**Required work**
Of the lines below, reproduce exactly those from the line containing "this 1067×1600 image." to the end, including both the first and the last.

BEGIN

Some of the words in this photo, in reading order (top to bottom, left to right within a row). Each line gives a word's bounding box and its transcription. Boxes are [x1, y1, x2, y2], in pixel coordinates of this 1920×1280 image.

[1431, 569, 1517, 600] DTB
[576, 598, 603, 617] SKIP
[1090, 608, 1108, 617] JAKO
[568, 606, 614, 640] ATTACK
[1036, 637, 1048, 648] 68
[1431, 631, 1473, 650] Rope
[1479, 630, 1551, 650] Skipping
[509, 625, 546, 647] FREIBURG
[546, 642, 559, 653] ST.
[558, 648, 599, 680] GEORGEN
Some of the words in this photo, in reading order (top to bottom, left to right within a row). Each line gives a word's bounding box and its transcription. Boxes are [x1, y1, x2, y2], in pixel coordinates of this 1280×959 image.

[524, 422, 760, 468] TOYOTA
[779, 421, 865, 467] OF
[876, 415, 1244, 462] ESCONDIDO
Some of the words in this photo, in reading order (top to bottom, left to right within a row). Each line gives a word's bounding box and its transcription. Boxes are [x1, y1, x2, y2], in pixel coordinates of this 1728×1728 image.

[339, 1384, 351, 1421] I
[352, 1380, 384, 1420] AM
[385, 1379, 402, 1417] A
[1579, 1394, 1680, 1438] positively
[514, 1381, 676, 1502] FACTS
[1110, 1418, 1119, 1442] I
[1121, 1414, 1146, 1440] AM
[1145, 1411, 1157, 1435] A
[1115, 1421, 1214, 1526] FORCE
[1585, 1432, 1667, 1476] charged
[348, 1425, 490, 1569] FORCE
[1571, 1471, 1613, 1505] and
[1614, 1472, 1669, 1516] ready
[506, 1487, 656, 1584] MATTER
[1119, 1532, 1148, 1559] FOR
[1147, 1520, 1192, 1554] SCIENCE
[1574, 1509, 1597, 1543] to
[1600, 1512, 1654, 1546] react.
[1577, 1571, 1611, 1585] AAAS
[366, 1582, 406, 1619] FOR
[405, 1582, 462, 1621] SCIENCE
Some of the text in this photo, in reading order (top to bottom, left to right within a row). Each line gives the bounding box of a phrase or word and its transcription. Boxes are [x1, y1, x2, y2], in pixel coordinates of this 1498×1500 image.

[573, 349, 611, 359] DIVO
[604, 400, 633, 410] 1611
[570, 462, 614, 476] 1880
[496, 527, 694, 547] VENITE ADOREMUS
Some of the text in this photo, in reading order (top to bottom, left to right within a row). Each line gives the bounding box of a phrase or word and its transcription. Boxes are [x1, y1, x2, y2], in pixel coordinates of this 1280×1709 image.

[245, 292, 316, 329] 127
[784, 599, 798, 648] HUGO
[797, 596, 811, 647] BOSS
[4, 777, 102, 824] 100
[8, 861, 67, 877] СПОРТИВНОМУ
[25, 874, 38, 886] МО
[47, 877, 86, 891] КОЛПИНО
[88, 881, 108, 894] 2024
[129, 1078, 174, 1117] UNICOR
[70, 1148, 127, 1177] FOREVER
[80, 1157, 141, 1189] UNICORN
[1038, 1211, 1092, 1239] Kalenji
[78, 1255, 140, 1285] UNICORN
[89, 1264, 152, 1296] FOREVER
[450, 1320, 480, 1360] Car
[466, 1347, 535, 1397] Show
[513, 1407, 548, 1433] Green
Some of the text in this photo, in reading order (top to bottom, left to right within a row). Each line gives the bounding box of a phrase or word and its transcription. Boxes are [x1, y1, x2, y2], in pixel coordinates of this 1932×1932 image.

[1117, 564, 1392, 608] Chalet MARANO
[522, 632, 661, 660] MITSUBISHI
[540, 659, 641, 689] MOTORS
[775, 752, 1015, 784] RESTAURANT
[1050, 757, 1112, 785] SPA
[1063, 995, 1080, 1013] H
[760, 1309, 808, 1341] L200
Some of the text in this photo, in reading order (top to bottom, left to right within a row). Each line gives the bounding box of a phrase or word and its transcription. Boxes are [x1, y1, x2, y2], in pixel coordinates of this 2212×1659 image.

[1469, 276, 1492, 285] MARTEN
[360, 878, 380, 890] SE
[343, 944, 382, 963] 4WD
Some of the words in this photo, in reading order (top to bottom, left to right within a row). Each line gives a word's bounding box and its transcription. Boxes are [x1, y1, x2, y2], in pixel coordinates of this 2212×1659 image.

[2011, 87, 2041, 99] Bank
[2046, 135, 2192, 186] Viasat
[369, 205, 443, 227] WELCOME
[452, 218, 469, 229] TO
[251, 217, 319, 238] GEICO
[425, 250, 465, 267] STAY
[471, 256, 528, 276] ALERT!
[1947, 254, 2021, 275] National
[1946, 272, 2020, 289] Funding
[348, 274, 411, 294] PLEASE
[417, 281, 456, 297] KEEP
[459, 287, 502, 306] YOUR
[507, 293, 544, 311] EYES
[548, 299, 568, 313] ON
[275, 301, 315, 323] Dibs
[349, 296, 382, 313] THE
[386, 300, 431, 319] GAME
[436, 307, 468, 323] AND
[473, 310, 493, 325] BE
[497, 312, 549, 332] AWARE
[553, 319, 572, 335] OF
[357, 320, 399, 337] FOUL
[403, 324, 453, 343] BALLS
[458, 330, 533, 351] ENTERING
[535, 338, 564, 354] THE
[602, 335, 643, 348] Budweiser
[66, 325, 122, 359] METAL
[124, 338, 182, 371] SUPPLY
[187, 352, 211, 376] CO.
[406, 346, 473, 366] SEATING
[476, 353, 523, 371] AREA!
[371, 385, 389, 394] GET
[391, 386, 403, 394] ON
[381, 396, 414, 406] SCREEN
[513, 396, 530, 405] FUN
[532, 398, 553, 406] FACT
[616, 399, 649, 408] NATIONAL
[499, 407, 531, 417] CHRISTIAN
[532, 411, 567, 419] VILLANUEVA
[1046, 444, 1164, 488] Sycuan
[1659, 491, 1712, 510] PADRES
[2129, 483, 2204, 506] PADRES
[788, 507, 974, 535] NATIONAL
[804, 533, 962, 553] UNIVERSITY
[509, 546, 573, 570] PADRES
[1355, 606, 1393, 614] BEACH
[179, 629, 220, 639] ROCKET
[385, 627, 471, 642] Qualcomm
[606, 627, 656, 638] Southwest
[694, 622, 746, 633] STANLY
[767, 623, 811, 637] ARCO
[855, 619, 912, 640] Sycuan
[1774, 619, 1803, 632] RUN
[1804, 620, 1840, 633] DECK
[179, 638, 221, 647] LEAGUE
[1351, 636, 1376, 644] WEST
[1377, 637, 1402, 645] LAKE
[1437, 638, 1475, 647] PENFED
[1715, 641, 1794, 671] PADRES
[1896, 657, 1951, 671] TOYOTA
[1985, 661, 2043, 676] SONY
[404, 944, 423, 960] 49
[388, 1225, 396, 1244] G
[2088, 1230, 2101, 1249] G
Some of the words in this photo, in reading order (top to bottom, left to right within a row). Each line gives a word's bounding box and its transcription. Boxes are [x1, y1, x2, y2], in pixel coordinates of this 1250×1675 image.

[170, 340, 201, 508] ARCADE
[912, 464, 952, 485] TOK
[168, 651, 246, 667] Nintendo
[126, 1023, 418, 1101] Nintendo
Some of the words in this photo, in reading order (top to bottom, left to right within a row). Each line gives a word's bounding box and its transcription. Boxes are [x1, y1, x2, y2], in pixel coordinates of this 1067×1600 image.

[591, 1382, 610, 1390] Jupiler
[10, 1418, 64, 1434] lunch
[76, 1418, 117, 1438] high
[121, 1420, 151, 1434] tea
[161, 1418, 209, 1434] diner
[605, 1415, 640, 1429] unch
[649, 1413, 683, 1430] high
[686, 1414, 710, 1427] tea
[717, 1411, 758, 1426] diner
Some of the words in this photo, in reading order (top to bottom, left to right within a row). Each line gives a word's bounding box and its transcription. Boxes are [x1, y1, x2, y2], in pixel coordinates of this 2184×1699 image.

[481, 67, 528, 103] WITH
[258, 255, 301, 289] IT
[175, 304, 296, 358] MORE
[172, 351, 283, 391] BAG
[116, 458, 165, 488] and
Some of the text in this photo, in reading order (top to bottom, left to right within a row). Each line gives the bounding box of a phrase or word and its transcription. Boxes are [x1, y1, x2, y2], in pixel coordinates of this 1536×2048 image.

END

**Written solution**
Some of the words in this photo, in reading order (top to bottom, left to right within a row). Each line gives a word's bounding box and its transcription. Boxes are [x1, y1, x2, y2], in pixel coordinates of this 1067×1600 image.

[591, 1382, 610, 1390] Jupiler
[10, 1418, 64, 1434] lunch
[76, 1418, 117, 1438] high
[121, 1420, 151, 1434] tea
[161, 1418, 209, 1434] diner
[605, 1415, 640, 1429] unch
[649, 1413, 683, 1430] high
[686, 1414, 710, 1427] tea
[717, 1411, 758, 1426] diner
Some of the words in this photo, in reading order (top to bottom, left to right within a row). Each line gives a word's bounding box and its transcription. Boxes are [x1, y1, x2, y2], in pixel coordinates of this 2184×1699 image.

[481, 67, 528, 103] WITH
[258, 255, 301, 289] IT
[175, 304, 296, 358] MORE
[172, 351, 283, 391] BAG
[116, 458, 165, 488] and
Some of the text in this photo, in reading order (top to bottom, left to right within a row). Each line gives the bounding box of a phrase or word and its transcription. Boxes are [x1, y1, x2, y2], in pixel coordinates of this 1536×2048 image.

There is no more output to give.